By Leah Leach and The Associated Press
PORT ANGELES — The biggest container ship to enter the Strait of Juan de Fuca — and perhaps the entire United States — will be piloted into Seattle on Monday by Puget Sound Pilots boarding in Port Angeles.
Three pilots — Capt. David Grobschmit, a lead pilot and an electronics pilot — will board the Benjamin Franklin container ship at 3 a.m. Monday and direct it into the Port of Seattle by about 7 a.m. that day, said Grobschmit, who is president of Puget Sound Pilots.
It will return Tuesday, traveling past Port Townsend to Port Angeles, he said.
“It is the biggest to come here,” he added, “and I believe anywhere in the U.S.”
The container ship is more than 1,300 feet long and nearly 180 feet wide.
It displaces 240,000 tons of water, Grobschmit said.
The pilots who will guide the ship toward its berth at the Port of Seattle are excited by the opportunity, Grobschmit said.
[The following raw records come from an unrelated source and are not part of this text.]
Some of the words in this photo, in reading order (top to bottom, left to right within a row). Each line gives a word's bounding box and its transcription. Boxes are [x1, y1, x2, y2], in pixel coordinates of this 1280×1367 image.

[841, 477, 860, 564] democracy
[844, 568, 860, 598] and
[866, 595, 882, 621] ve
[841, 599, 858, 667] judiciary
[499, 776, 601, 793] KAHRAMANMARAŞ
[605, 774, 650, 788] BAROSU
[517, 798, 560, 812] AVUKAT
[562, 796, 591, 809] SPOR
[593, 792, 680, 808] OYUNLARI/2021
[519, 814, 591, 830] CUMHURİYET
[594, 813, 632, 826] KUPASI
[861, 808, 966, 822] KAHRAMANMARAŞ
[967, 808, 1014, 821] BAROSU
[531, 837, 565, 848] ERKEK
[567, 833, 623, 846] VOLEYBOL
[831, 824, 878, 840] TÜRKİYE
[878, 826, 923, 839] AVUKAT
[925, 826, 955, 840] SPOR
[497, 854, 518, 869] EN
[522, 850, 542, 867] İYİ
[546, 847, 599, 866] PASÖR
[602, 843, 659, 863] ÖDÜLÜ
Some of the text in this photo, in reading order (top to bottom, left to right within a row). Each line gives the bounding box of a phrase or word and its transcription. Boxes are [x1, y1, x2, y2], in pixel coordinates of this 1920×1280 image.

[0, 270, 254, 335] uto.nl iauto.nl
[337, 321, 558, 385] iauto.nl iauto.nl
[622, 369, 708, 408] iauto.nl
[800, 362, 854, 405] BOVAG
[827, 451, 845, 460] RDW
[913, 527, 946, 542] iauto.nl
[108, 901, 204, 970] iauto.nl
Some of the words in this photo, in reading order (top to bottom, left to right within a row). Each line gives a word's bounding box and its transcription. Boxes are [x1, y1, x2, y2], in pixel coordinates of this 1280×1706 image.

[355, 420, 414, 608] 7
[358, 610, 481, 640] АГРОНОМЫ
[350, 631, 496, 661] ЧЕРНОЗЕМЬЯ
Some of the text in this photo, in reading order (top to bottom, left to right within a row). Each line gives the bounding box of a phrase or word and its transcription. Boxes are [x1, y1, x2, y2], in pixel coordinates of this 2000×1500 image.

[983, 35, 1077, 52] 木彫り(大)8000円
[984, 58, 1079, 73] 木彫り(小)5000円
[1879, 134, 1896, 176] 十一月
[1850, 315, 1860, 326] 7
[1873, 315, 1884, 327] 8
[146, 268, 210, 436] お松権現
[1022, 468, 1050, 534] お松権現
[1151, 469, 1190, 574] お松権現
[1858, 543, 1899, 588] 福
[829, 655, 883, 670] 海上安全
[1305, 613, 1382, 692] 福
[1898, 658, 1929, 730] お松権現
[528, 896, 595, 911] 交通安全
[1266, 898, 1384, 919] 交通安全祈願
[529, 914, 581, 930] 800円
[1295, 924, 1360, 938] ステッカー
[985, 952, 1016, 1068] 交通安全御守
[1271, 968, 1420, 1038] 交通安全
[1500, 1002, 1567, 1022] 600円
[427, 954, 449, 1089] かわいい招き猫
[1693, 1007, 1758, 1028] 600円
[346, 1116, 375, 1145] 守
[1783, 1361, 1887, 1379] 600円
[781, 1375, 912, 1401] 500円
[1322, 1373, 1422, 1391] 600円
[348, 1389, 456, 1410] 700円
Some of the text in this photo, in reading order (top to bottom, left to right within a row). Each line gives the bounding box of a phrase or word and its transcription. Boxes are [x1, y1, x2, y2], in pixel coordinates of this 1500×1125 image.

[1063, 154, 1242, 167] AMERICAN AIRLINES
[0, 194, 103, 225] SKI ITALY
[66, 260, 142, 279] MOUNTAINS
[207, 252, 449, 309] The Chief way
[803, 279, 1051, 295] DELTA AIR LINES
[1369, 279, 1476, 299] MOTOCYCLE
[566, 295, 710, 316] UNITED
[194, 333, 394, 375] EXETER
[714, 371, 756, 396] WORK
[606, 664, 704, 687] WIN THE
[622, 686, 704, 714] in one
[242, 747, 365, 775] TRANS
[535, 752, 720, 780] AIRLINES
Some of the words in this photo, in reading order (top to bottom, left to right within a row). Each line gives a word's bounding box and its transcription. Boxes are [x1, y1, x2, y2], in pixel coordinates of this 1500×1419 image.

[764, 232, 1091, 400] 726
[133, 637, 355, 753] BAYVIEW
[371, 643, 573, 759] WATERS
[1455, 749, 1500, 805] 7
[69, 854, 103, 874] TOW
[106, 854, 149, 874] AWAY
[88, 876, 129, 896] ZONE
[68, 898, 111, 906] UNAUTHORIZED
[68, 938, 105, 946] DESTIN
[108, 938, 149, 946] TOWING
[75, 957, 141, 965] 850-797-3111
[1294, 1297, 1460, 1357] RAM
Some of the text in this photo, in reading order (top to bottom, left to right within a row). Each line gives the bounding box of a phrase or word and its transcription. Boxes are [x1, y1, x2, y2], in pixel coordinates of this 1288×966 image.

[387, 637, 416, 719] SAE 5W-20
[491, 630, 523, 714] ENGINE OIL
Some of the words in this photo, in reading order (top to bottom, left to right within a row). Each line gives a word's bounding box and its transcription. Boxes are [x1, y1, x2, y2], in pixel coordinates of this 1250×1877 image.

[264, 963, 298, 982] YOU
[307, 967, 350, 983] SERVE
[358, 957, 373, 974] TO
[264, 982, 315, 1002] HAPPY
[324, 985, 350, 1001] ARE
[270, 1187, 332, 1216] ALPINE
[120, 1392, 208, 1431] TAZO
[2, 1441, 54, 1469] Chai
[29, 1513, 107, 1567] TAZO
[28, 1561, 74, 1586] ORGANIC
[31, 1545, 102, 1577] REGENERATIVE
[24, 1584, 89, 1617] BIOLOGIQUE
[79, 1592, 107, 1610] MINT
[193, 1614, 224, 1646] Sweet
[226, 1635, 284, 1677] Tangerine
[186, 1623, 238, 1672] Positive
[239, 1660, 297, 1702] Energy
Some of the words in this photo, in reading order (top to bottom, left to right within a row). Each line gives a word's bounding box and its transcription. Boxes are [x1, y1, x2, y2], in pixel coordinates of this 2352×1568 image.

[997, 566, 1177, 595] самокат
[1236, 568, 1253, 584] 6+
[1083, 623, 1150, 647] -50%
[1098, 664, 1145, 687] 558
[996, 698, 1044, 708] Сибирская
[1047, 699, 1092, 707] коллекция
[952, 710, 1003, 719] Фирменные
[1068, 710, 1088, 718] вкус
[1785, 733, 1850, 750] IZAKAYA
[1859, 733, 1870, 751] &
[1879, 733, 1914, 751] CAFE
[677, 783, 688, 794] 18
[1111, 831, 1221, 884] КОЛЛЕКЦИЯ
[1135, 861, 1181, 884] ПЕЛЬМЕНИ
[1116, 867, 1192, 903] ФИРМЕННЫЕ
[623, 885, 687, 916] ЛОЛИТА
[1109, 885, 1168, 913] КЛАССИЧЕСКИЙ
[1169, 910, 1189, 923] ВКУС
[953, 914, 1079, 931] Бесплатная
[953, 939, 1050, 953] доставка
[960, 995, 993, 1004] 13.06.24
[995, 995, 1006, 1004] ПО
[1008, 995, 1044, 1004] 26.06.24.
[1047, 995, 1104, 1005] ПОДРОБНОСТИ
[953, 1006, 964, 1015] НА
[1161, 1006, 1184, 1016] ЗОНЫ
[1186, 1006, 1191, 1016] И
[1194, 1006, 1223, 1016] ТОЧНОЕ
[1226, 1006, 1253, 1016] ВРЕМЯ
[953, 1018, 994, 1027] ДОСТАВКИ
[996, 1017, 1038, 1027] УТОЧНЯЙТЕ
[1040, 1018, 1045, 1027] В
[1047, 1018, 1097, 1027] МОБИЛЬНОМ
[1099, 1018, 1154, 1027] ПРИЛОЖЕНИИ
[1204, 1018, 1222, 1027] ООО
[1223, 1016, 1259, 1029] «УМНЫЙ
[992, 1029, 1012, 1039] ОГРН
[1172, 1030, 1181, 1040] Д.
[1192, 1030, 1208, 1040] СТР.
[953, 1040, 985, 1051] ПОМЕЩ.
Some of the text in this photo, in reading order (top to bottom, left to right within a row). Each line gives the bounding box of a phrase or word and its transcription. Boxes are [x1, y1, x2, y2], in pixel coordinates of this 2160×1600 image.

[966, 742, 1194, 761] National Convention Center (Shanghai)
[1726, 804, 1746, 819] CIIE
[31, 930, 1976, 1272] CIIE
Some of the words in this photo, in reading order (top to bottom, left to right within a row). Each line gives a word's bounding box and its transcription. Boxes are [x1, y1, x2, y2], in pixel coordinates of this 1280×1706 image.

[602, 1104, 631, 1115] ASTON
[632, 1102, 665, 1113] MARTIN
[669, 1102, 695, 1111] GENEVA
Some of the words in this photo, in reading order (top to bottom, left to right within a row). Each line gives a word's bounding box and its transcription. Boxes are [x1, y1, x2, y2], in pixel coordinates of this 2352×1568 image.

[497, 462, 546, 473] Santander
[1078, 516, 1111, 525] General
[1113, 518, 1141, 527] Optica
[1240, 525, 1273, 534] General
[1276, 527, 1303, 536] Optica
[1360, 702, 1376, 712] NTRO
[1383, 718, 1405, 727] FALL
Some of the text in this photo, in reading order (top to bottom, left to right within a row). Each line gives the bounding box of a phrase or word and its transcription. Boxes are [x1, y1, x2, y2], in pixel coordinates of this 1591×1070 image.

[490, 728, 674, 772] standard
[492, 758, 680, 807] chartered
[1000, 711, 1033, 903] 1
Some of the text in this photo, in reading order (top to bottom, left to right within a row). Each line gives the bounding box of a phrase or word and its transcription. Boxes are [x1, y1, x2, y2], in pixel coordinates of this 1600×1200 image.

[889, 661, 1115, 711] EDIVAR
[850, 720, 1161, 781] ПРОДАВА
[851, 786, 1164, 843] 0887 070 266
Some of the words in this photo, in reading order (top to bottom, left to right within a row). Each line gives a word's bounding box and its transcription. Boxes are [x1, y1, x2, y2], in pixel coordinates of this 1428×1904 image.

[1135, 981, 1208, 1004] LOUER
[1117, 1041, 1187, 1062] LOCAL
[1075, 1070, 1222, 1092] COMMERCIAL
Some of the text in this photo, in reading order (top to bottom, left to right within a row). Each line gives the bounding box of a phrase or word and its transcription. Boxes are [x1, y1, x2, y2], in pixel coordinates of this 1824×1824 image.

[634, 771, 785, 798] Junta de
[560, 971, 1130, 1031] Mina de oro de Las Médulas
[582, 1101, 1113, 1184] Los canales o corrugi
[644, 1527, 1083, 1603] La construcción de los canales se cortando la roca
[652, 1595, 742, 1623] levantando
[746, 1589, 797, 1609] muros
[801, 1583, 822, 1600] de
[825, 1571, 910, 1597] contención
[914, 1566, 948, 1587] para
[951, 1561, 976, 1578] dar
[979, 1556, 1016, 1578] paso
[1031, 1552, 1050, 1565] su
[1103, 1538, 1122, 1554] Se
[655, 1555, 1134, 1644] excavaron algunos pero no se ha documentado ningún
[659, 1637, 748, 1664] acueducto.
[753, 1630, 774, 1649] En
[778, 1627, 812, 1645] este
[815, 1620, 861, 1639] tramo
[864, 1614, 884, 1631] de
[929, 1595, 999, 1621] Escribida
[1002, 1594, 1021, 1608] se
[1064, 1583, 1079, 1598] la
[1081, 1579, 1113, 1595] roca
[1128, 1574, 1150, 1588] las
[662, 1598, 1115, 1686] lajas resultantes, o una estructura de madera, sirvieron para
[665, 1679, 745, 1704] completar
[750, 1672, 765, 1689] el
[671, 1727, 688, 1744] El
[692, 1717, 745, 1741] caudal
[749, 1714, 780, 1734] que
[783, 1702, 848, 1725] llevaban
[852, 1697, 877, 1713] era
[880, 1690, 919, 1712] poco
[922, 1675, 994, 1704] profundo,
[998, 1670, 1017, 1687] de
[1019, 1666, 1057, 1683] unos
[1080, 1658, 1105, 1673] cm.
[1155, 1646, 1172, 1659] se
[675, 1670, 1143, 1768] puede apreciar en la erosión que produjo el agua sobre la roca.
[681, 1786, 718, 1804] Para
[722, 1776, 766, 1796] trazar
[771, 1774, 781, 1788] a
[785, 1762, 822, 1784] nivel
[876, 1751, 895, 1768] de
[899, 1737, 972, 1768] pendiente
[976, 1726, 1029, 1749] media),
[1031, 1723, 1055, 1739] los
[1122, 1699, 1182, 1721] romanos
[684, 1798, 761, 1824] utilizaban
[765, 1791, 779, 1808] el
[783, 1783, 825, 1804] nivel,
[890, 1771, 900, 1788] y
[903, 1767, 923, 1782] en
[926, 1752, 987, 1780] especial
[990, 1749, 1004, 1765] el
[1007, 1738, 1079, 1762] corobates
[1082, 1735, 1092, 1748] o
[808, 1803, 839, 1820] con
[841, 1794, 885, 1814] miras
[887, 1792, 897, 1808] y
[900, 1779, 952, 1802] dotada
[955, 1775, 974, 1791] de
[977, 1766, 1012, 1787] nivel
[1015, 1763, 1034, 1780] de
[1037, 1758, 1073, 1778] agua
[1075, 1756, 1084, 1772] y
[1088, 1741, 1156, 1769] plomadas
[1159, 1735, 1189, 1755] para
“We’ve been waiting for this our whole seagoing career,” he said.
“It’s a pilot’s dream to get this assignment.”
See it in PT, PA
Although the ship will leave in the dark Monday, it will return in daylight Tuesday, Grobschmit said.
It will stay in port in Seattle for 24 hours, leaving at about
8 a.m., and return to Port Angeles by about noon Tuesday, he said.
He expects it to pass Port Townsend at about 10:30 a.m. Tuesday.
The Puget Sound Pilots organization has been training senior pilots in a simulator to practice bringing the gigantic ship into port.
“We had three different simulator high-intense courses of roughly 20 hours total with 25 different job scenarios,” Grobschmit said.
The job scenarios deal largely with different wind-load factors, he explained. Wind applies forces to container ships that are measured in tons based on the speed of the wind.
Although the Benjamin Franklin can hold 18,000 containers, it won’t carry that many into the Strait, Grobschmit said, although he didn’t know how many it would have on board.
“It was fully loaded in Los Angeles and Long Beach [Calif.],” he said. “From there, it went to Oakland [Calif.], and then it comes here.”
The ship unloaded 13,000 containers at the Port of Long Beach, KING-TV said.
“That’s more than twice the size of a typical container ship to call in the large California port,” the television station said.